Paul Nardone ’86, P’19
“Gov’s was a life-changing experience for me,” explains Revere native Paul Nardone, who came to Governor’s thanks to financial aid. He remembers the challenging environment that stretched him and inspired him to try new things. Everywhere he turned, he recalls, he was encouraged to take risks. And taking those risks built Nardone’s confidence.
“I never saw myself in a music class, playing football, or participating in student government, but because of Gov’s, I had the courage to try all three,” he recalls.
Nardone’s moment of courage came when he took a chance and ran for student body president. He won, developing leadership experience that made all the difference for him in college and beyond. After Governor’s, he continued his education at Tufts University, where he had the confidence to launch a snack company. Nardone later earned an MBA at Columbia and went on to lead a number of successful food and beverage companies.
Years later, Nardone had the opportunity to come back to the Academy as a volunteer basketball coach. “When I returned, I saw how outdated our gym was compared to other ISL schools,” he says. So he decided to do something about it, making a significant gift to renovate Alumni Gym and urging others to do the same.
“Now, I’m thrilled that Governor’s has the best gym in the league; it could have never happened without the generous support of others,” he concludes. “It truly is a gift to give back. I feel fortunate to be in a position to help the next generation of Governor’s students experience the true meaning of Governor’s motto Non Sibi Sed Aliis . . . not for self, but for others.”
Gaele Henry ’18
How far would you travel for a transformative education? For Gaele Henry, the answer was a long way: 1,486 miles—the distance between her home in Immokalee, Florida, and The Governor’s Academy. “It was the pure desire to do something different for myself,” she explains. And so at age 14, she set off and left her small town, a journey that took courage. As eager as she was for the change, however, there were challenges. “I had culture shock when I first moved here,” she remembers. “I met all these people—students and faculty—and I thought, ‘Wow, I don’t think I have that much in common with them.’

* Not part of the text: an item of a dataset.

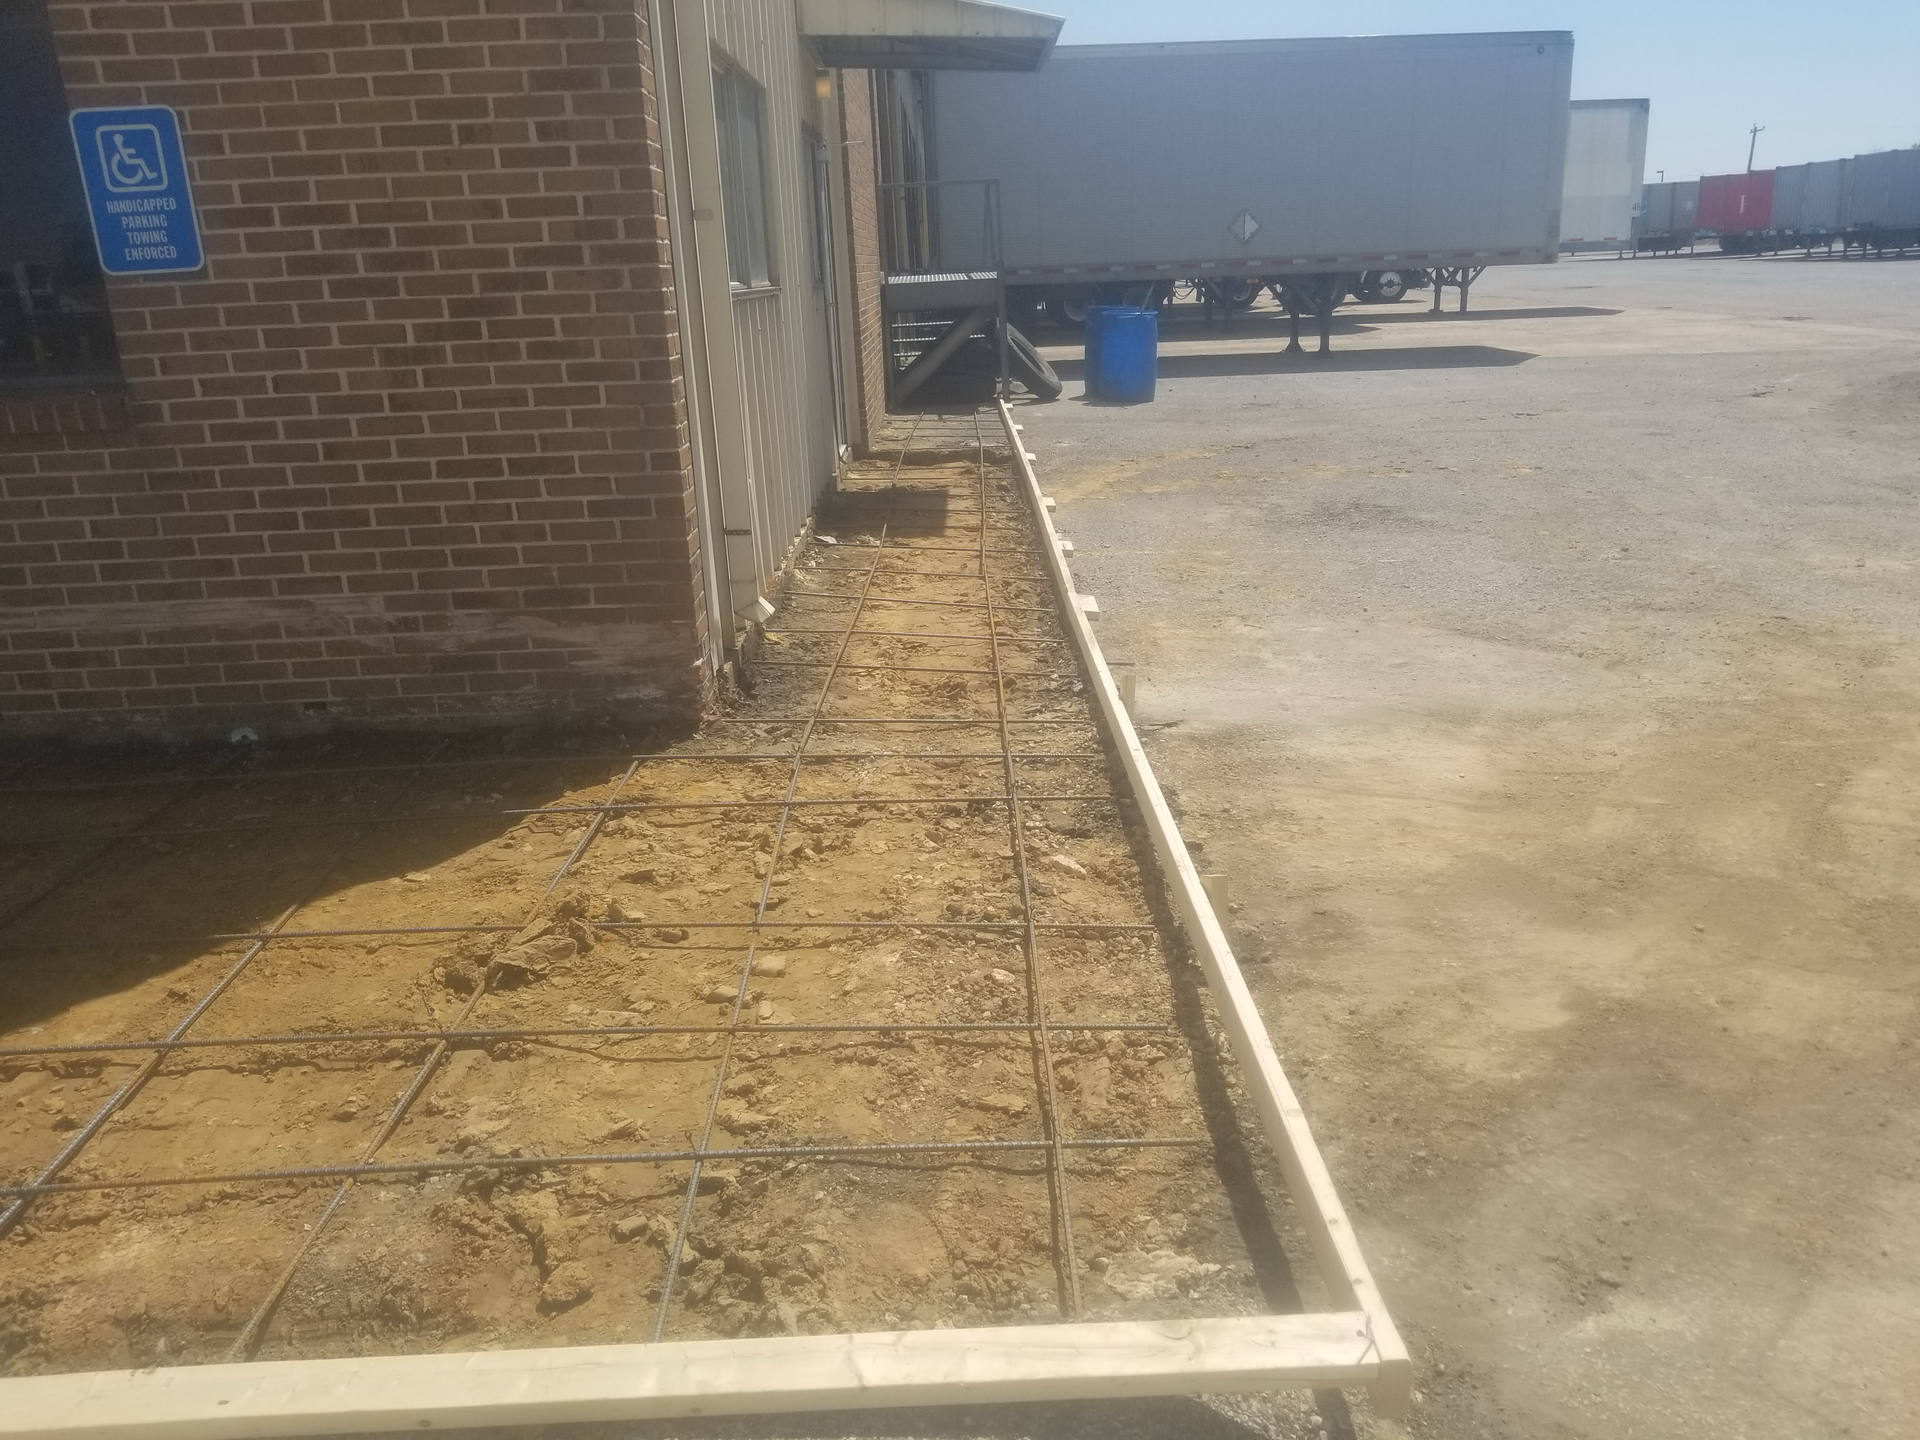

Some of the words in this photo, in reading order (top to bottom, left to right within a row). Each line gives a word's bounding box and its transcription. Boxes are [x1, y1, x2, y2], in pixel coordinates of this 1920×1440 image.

[106, 197, 176, 214] HANDICAPPED
[121, 214, 168, 229] PARKING
[126, 230, 168, 244] TOWING
[124, 245, 177, 261] ENFORCED

“Living together at school, though, I found out that we actually had a great deal in common. I have developed friendships with schoolmates from Asia, South Africa, Germany, and Mexico. If I hadn’t come to Gov’s, I never would have had the opportunity to learn with and from them.” It’s also a different dynamic for her living side-by-side with the faculty. “You see them outside class and really get to know them and their families. I’d never imagined anything like this before, and it’s one of the things I love most about Gov’s.”
Along with building new relationships, the Academy’s supportive environment has allowed Henry to try new things. “I really challenged myself and took AP World History as a sophomore,” she says, “and I’ve loved playing sports here, particularly basketball. But I also took a chance and tried out drama. It was an amazing learning experience for me; I’ll definitely do something like that again.” Gaele’s experiences wouldn’t be possible without support from The Governor’s Fund. It is the one campaign objective that offers the most immediate and tangible benefit for all Gov’s students. Gaele’s Gov’s experience would simply not be the same without it.